Dwóch jezuitów musiało opuścić klasztor w Krakowie za mówienie o b. agentach SB w zakonie. - Odważyli się mówić prawdę - uważa ks. Tadeusz Isakowicz-Zaleski
Nakaz opuszczenia domu zakonnego dostali ks. Andrzej Miszk i ks. Krzysztof Mądel. To decyzja krakowskiego prowincjała jezuitów ks. Krzysztofa Dyrka. Pod groźbą wykluczenia z zakonu zakazał im wypowiadania się o lustracji i kontaktów z prasą. Ukarani zakonnicy wzywali władze zgromadzenia do ujawnienia tajnych współpracowników bezpieki. Mimo upomnień przełożonych pisali o potrzebie oczyszczenia zakonu w jezuickim portalu www.tezeusz.pl, którym kierował ks. Miszk.
Cierpliwość prowincjała wyczerpała się po publikacji obszernego wywiadu z ks.
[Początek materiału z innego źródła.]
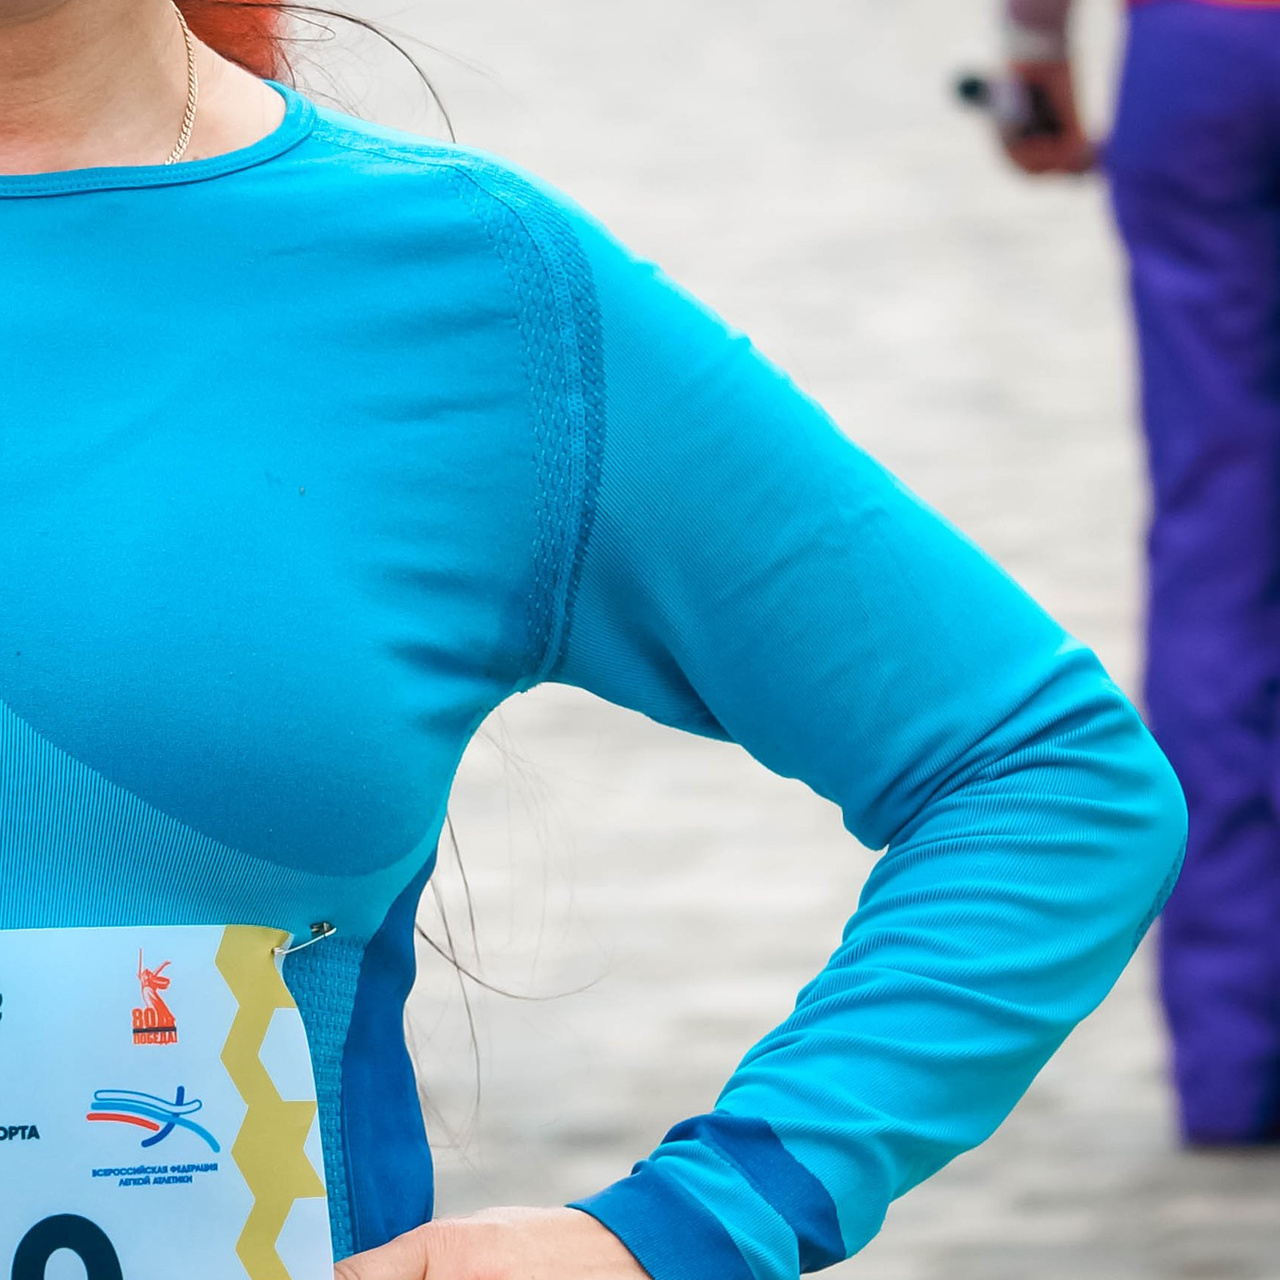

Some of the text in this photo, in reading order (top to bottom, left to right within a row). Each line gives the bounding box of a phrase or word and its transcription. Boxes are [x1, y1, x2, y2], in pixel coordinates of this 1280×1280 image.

Zaleskim. W rozmowie padły m.in. kryptonimy i funkcje kilku krakowskich jezuitów, którzy mieli współpracować z bezpieką, w tym byłego prowincjała, byłego prefekta bazyliki i nieżyjącego zasłużonego profesora.
Ks. Miszka, byłego działacza demokratycznej opozycji, skierowano do Wrocławia pod koniec września, wkrótce po publikacji wywiadu. Przestał kierować internetową stroną jezuitów. Zgodnie z kościelnym zakazem nie komentował kary, ale na portalu nie szczędzono krytyki prowincjała. Ukaranego zakonnika bronił m.in. ks. Mądel, dyrektor jezuickiego Centrum Kultury i Dialogu w Krakowie. Duchowny filozof organizował wcześniej spotkania pt. "Pojednanie z agentem", gdzie mówił o potrzebie przebaczenia byłym współpracownikom SB. Publiczna krytyka decyzji prowincjała nie spodobała się jednak przełożonym. Dlatego w tym tygodniu musiał wyjechać do Kłodzka i zamilknąć na temat lustracji. Na pożegnanie odprawił mszę w jezuickiej bazylice. Nie oceniał decyzji przełożonego. W kazaniu odniósł się do niej jednak ks. Zaleski.
- Spotykamy się dziś z niesprawiedliwością dlatego, że ktoś odważył się mówić prawdę - komentował ks. Zaleski "zesłanie" zakonników. I przekonywał: sankcje prowincjała wobec niepokornych jezuitów to nie tyle obrona dobrego imienia zgromadzenia i przejaw miłości bliźniego (jak twierdzi prowincjał), ale ochrona wysoko postawionych duchownych, którzy okazali się agentami SB. - Ci, co pobłądzili, są chronieni przede wszystkim z powodu układów personalnych - mówił ks. Zaleski do świeckich przyjaciół i współpracowników ks. Mądla. Ci nie kryją żalu do władz zakonnych. - "Żadne szczere dążenie do poznania prawdy historycznej nie może być potępiane ani karane. Nawet jeśli jest to prawda tak trudna, jak ta o inwigilacji Kościoła przez SB" - napisali w otwartym liście do prowincjała m.in. weterani "Solidarności" Collegium Medicum UJ i Szpitala Klinicznego w Krakowie, w tym wybitny krakowski internista prof. Andrzej Szczeklik. - Aby ukryć bolesną prawdę z przeszłości, pozbawia się nas wspaniałego duszpasterza - mówi kardiolog dr Janusz Kutyba.
Prowincjał nie chce rozmawiać z prasą. Wcześniej przekonywał "Gazetę", że sankcje nałożył za nieposłuszeństwo i samowolę podwładnych współbraci. - Jestem za lustracją, ale z miłością i miłosierdziem - mówił nam po ukaraniu ks. Miszka. W tym tygodniu na krytykę "zakonnej cenzury" odpowiedział specjalnym oświadczeniem. Zapewnił, że od kilkunastu miesięcy wyznaczone przez niego osoby badają akta bezpieki. - "Nie chcemy ukrywać prawdy. Wierzymy i głosimy ewangeliczną drogę uznania zła, nawrócenia, pokuty i powrotu do służby Bogu i człowiekowi w Kościele. Nie zgadzamy się natomiast na samowolne i nieodpowiedzialne rzucanie oskarżeń na podstawie częściowych, czasem niesprawdzonych do końca, albo tylko zasłyszanych informacji" - napisał.